[Collected data]
* * *

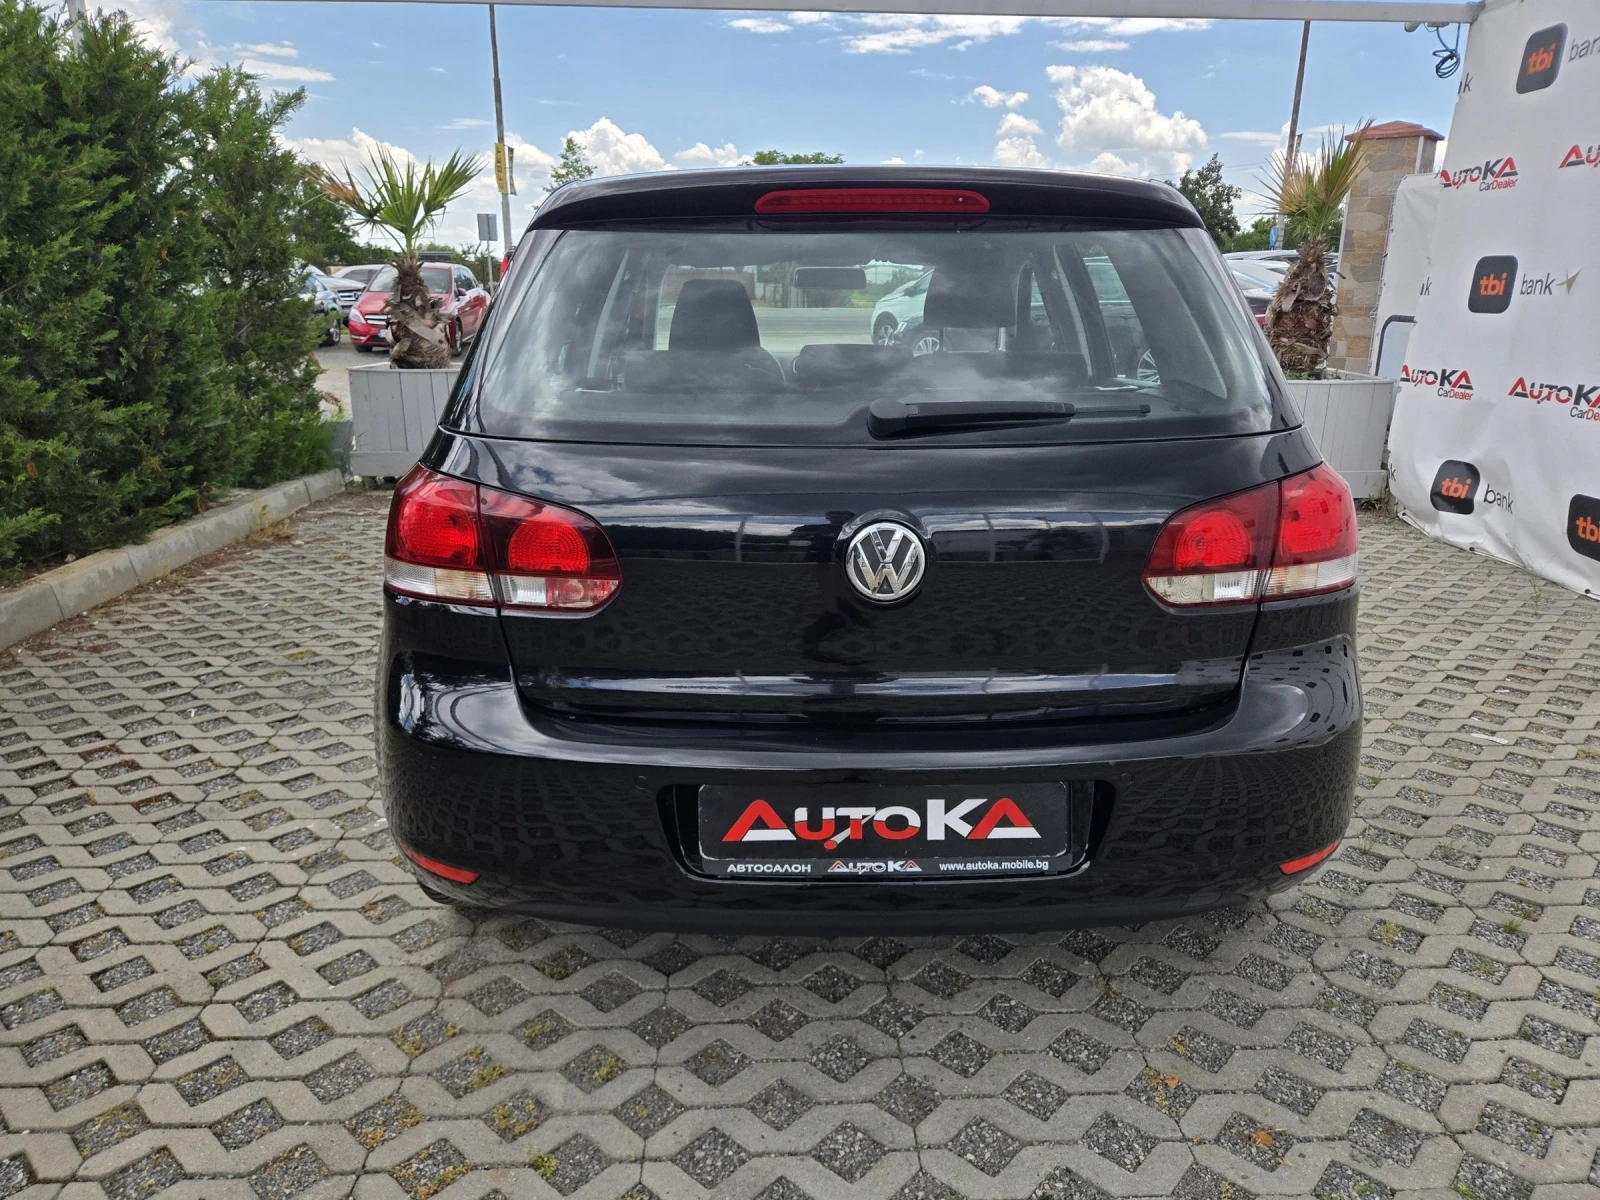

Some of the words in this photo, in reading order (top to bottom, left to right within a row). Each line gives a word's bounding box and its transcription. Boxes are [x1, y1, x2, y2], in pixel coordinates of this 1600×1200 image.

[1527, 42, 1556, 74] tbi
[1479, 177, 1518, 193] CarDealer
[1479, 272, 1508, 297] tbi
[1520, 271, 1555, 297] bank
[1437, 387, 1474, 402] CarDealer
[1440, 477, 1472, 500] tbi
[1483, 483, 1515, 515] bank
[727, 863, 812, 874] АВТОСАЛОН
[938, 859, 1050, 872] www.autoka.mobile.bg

* * *

Once the pictures are set aside, please output all the data word for word.

• **Your solution**
Some of the words in this photo, in reading order (top to bottom, left to right within a row). Each line gives a word's bounding box and its transcription. Boxes are [x1, y1, x2, y2], in pixel coordinates of this 1600×1200 image.

[1527, 42, 1556, 74] tbi
[1479, 177, 1518, 193] CarDealer
[1479, 272, 1508, 297] tbi
[1520, 271, 1555, 297] bank
[1437, 387, 1474, 402] CarDealer
[1440, 477, 1472, 500] tbi
[1483, 483, 1515, 515] bank
[727, 863, 812, 874] АВТОСАЛОН
[938, 859, 1050, 872] www.autoka.mobile.bg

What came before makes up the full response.